1. Field of the Invention
The present invention concerns a laminated glass for a transportation vehicle, in particular, a laminated glass for an airplane, and specifically, a laminated windshield for an airplane.
2. Discussion of the Background
In aircraft, laminated glass generally comprises at least two sheets of thermally or chemically tempered glass having a thermoplastic polymer insert layer. The insert layer used typically consists of several plies or layers of plasticized polyvinyl butyral (hereinafter designated as PVB). PVB has a high modulus of tension and a considerable breaking stretch (percent elongation at break). Furthermore, PVB acts as an energy absorber, and can assure the tightness and integrity of a laminated glass in which all the glass sheets are broken.
Under the usual conditions of a high-altitude flight, such a laminated glass is subjected to substantial differences in pressure and in temperature between its two surfaces (i.e., the surface facing inside the aircraft and the surface facing the external atmosphere). PVB has a thermal expansion coefficient well above that of the glass sheets. Consequently, the piece of glass is subjected to substantial shearing stresses, principally at the edges of the glass. These high stresses may be further increased when the glass is struck, particularly at low temperature (for example, when the windshield of the airplane in flight strikes a bird). At temperatures of less than 0.degree. C., PVB offers a greatly increased modulus of tension to aid in withstanding such impacts.
The problem associated with stresses is still more pronounced when the insert contains, countersunk in its edges, a peripheral band of metal or a stratified material. The metal or stratified material increases the rigidity of the glass, and thus permitting or facilitating, as the case may be, installation of the glass in the opening in the body of the cockpit, by bolting for example.
Solutions have been proposed to reduce the stresses cited above, and consequently to lessen the risks of glass failure. One of the proffered solutions consists of applying a material acting as a separator in the marginal area of the glass. This solution may be suitable for pieces of glass of small dimensions. It generally is not satisfactory, however, for pieces of glass the size of an airplane windshield. Furthermore, the separator materials may promote the penetration of moisture in the PVB insert, leading to losses in adhesion in undesirable places, as well as losses in the optical qualities, particularly the transparency, of the glass. In addition, the separator materials suggested to date do not have the optical quality of the typical materials used in laminated glass. Thus, use of such separator materials reduces the field of vision of the glass.
It also has been suggested in French Patent Publication FR-A-2,310,979 to place a continuous film of polyurethane between the PVB layer and the sheet of glass. The polyurethane film deflects or diminishes the shear forces on the glass sheets and polyurethane interlayers, thus reducing the adverse effects of thermally-induced contraction and stresses on the PVB.

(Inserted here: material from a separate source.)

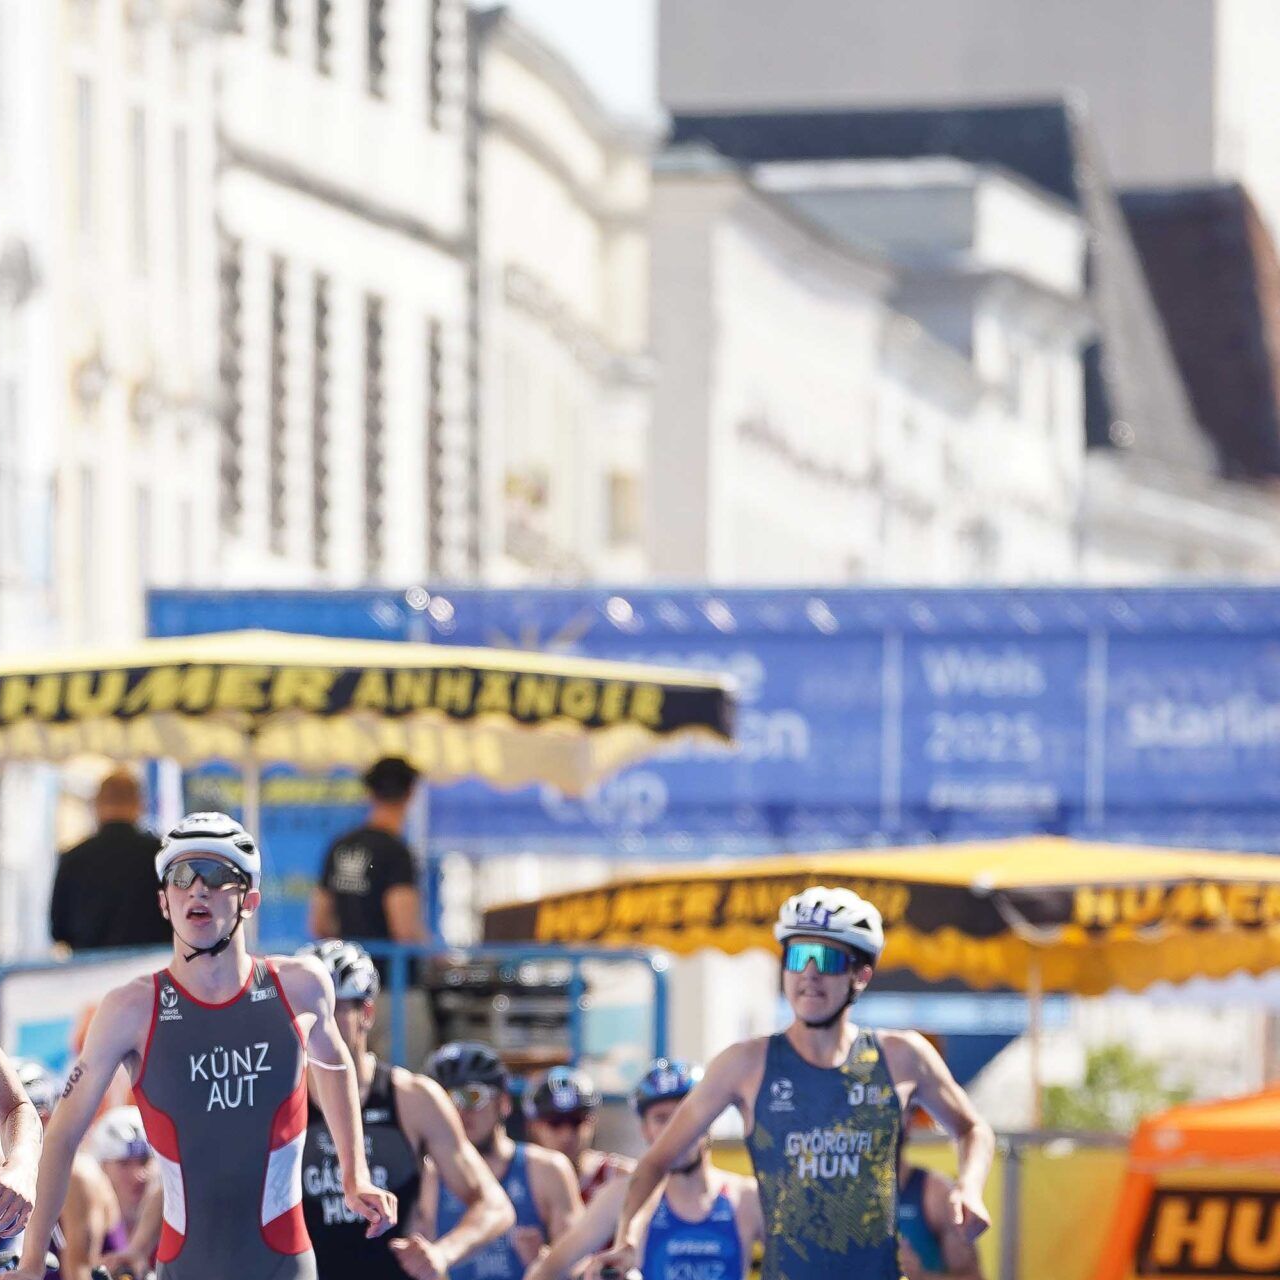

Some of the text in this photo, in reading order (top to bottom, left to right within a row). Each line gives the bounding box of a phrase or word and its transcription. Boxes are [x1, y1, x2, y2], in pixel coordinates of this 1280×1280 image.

[189, 1042, 272, 1082] KÜNZ
[207, 1074, 259, 1112] AUT
[798, 1154, 860, 1179] HUN

This solution also has drawbacks. It generally requires an adhesion-activating process for the polyurethane over the entirety of its contact surface with the glass. Furthermore, the supplementary interface between the two different thermoplastic products (PVB and polyurethane) may lead to optical defects in the glass, because each of these polymeric materials have different indexes of refraction. Even further, thermal stresses may lead to a cleavage of chemically tempered sheets of glass from the thermoplastic polymer inserts, in the plane parallel to the contact surface with the glass.